Monday, November 07, 2005

Anchorhold

Raymond Pelly

What happens [in our Anchorhold] when we hear sounds not just with our ears, but with hearts and minds informed by knowledge of the deeper significance of these things – that they are all part of God’s creation? Heart-habitat.

Learning to keep our ear to the ground. That is, learning to hear- in silence, reverence, respect, awe, wonder – what there is to hear, what mother earth, the creation, would teach us, her wisdom. And here let me emphasize that silence, reverence, respect, awe, wonder – often referred to as the ‘egoless virtues’ – are ways of knowing and seeing where we get our busy self-centred selves out of the way and get in touch with what’s ‘out there’ and beyond us – to our great delight!

In that way, the wisdom of creation might have to do with discerning the difference between what’s dying around us and what’s struggling to be born. The incoming tide wipes the beach clean. Gales roar over the landscape destroying what is rotten or rootless – just as rain and sun enable and nurture new growth of every kind. These earthy images of judgement and grace are the stepping stones that allow the prophet Jeremiah to be in touch with God’s calling: ‘to pluck up and pull down, to destroy and overthrow, to build and to plant.’
In the same way, once we begin to hear the powerful and unsentimental wisdom of creation, of mother earth, both tough and tender, we can explore searching questions about ourselves and our world: What’s rotten and rootless in us? What counts as genuine, as new growth? Can we tell the difference? What are the things – good and bad – that we feel strongly about?
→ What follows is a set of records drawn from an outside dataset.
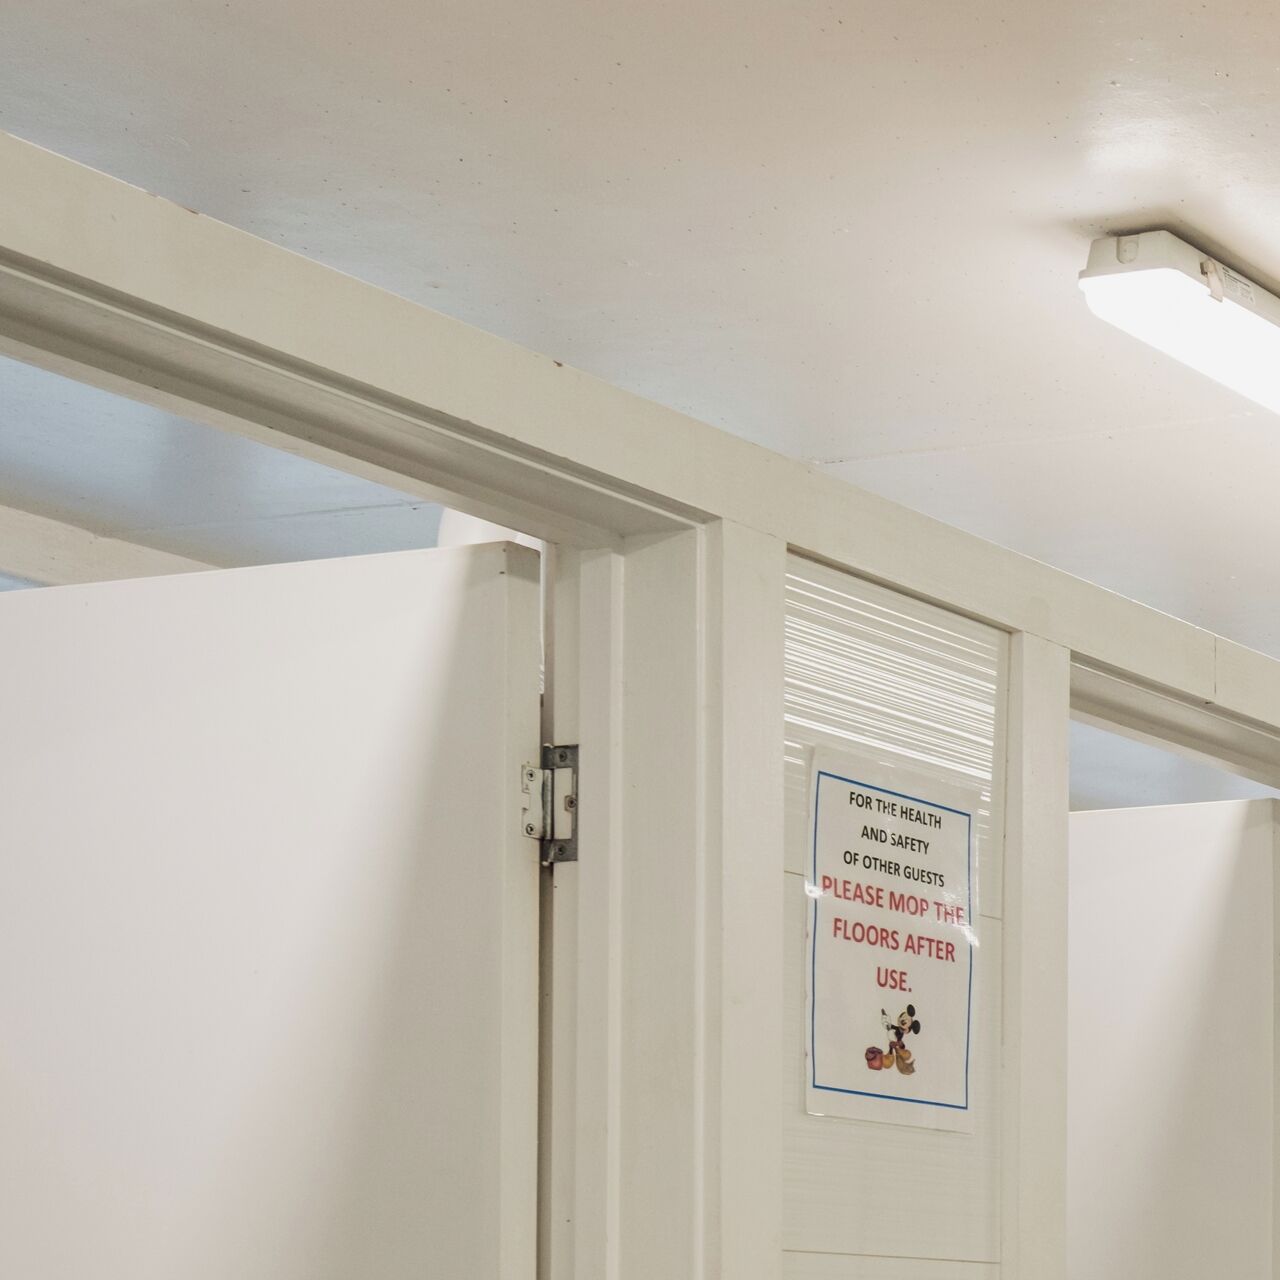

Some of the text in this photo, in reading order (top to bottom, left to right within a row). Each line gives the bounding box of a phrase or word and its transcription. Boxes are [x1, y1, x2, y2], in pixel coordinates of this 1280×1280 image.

[848, 791, 942, 829] FOR THE HEALTH
[861, 825, 930, 855] AND SAFETY
[843, 849, 945, 888] OF OTHER GUESTS
[821, 874, 966, 927] PLEASE MOP THE
[832, 917, 956, 963] FLOORS AFTER
[876, 967, 912, 993] USE.
The poet Cilla McQueen, now living in Bluff, speaks of years of being formed at heart level by the hills, rain, wind, sea, inlets, light of that particular place: habitat-habits of the heart.

She might be part of the granite cliff she leans on,
her face seamed with shadow like a rock.


From chapter 3 of Anchorhold – the prayer of the heart in daily life, published by st Peter’s Publications, 2005

from Poet, in Markings, Poems and Drawings, by Cilla McQueen, University of Otago Press 2000.